Pietro, un bambino che veniva a scuola con lei, era tornato lì per un bicchiere di aranciata e riprendersi dalle corse al campetto. Aveva giocato a calcio e i suoi pantaloni chiari avevano cambiato colore, con grande gioia di sua madre, che l’avrebbe rimproverato non appena fosse venuta a prenderlo. Con gli occhi lucidi, il respiro ansante di chi torna da una lunga corsa e i capelli appiccicati alla fronte, si piazzò di fronte a Camilla che, con gli occhi gonfi di pianto, nascose la faccia nelle maniche della maglietta rosa.
“Perché piangi?”. Pietro si abbassò per guardarla in viso, ma lei continuava imperterrita a nasconderlo per non farsi vedere dal suo compagno di classe.
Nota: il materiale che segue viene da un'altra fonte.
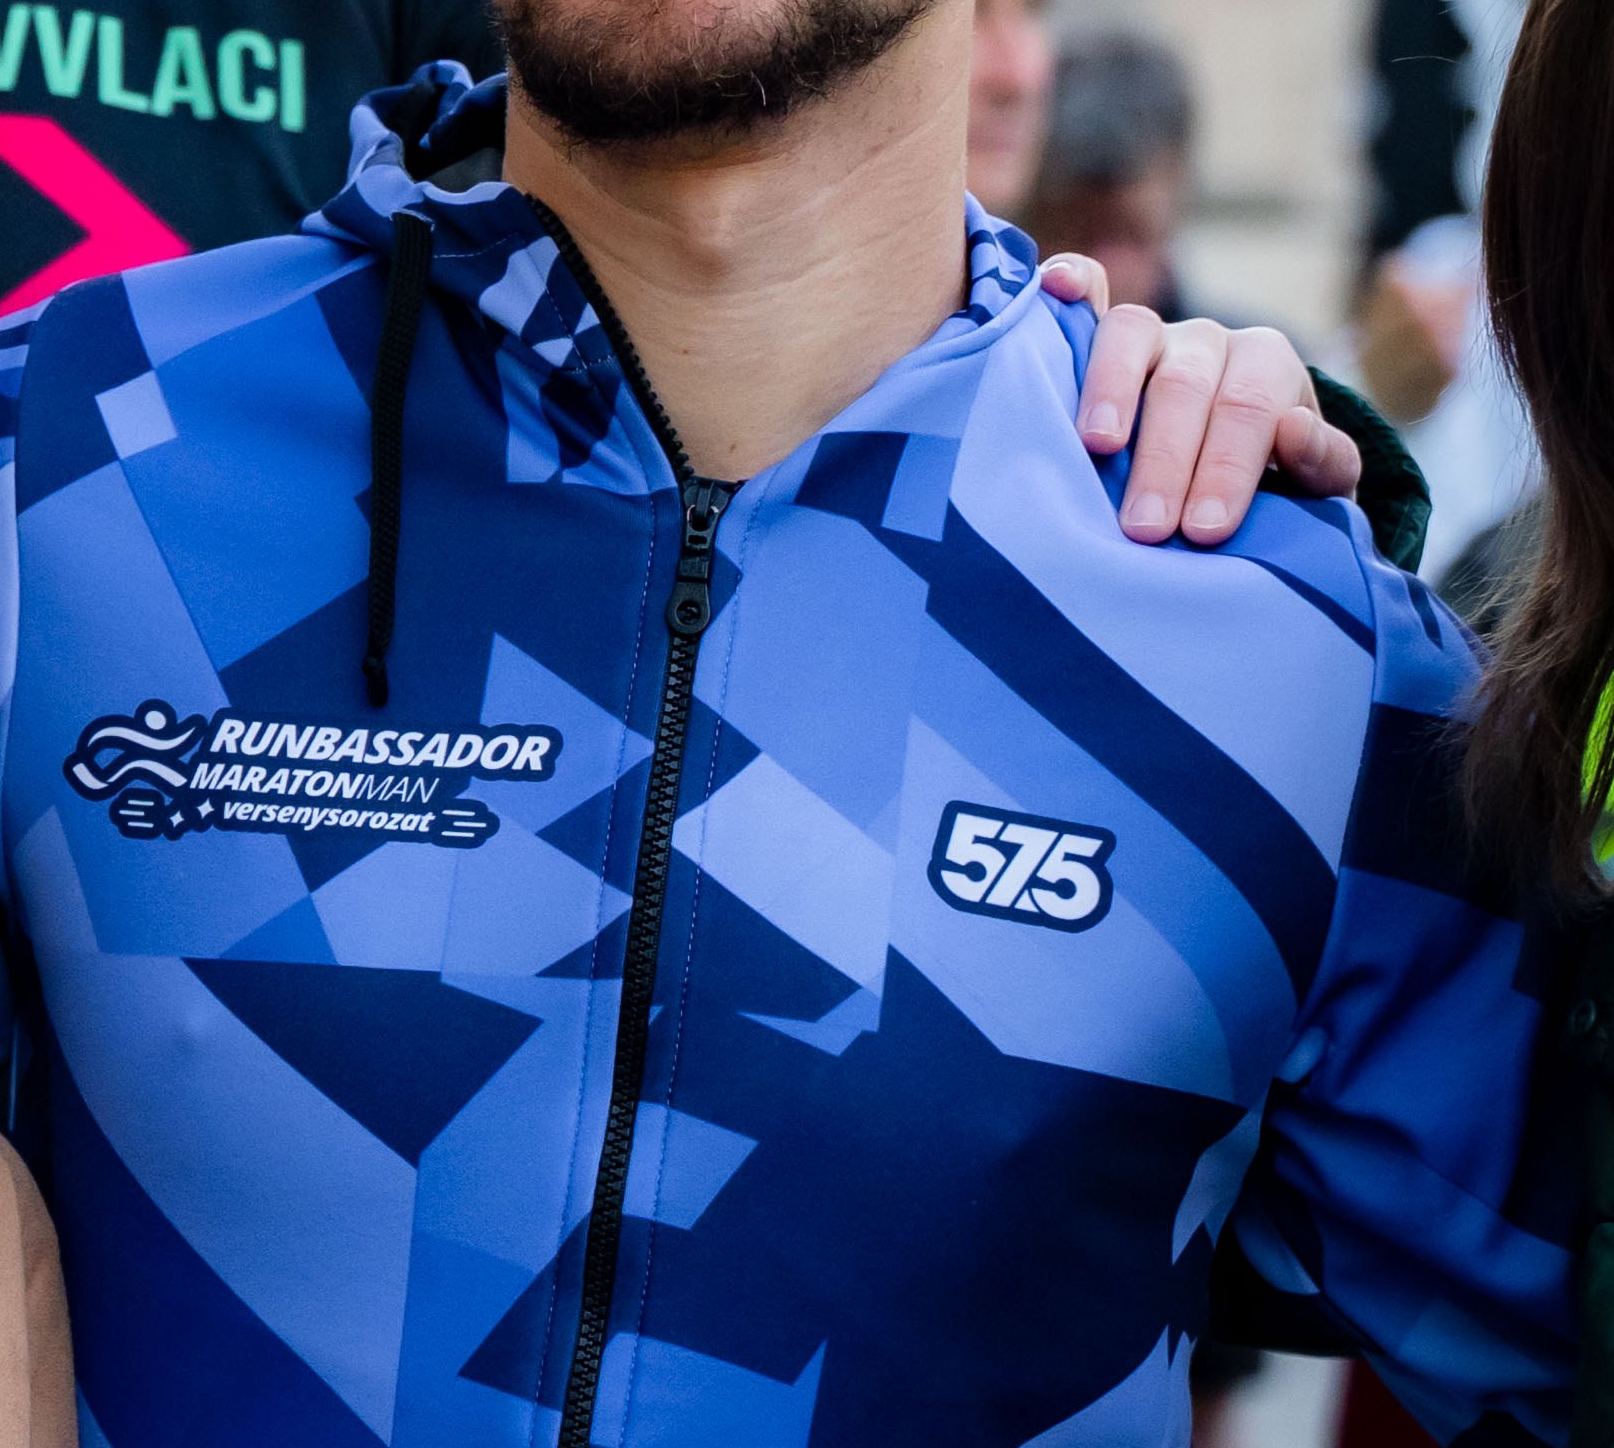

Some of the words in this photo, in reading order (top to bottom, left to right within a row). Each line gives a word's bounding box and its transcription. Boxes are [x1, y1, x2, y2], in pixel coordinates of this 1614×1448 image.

[210, 717, 552, 772] RUNBASSADOR
[190, 762, 441, 804] MARATONMAN
[223, 799, 437, 833] versenysorozat
Con voce soffocata grugnì:
“Non ho amici”.
Il bambino si rialzò e sbuffò. “Eh certo”, disse spalancando le braccia. “Se stai sempre da sola!”.
Camilla alzò lo sguardo, indispettita, e guardò il suo compagno di scuola. Non stava sempre da sola. Erano gli altri a non cercarla.
“Dai, vieni? Giochiamo a palla avvelenata”.
Per un istante Camilla fu tentata di rispondergli con un secco “no!”, girarsi e tornare al tavolo con le patatine bianche. Il piatto era rimasto pieno per metà e lei era lungi dall’essere sazia di quelle schifezze tanto buone. Poi però guardò Pietro, i suoi pantaloni sporchi, i suoi occhi lucidi. Provò un’invidia bruciante.
“Sì, vengo. Andiamo!”.
***
“Stai, stavo pensando che magari noi due… asociali potremmo andare a farci un giro in macchina. Ti offro un passaggio io, andiamo a berci una cosa in un posto carino”.
Camilla guardò il bel ragazzo che aspettava una risposta con la sigaretta in mano, il sorriso sghembo che mostrava un accenno di fossette. Osservò i suoi occhi. Anche se nella penombra, erano davvero belli, intensi.
Qualcuno dietro di lei spalancò la porta del locale per uscire e sentì un’ondata calda di musica e risate accarezzarle la schiena. Era la sua prima festa. Se ne ricordò solo ora.
“Mi spiace, sai, ma pensavo di tornare dentro a ballare un po’. Sarà per la prossima. Ciao!”.
Sorrise brevemente al ragazzo, che tentò di bloccarla con un braccio e la vide sgusciare via verso la porta che non si era chiusa del tutto.
Il locale era caldo e la musica assordante. Non le piaceva proprio quella musica, ma ora sentiva che qualcosa le si muoveva dentro e la spingeva verso la folla al centro della pista.
Si tolse i tacchi con un elegante movimento della caviglia e si gettò in mezzo ai suoi coetanei, ballando ad occhi chiusi senza pensare a nulla, solo a quella musica ritmata e terribilmente commerciale.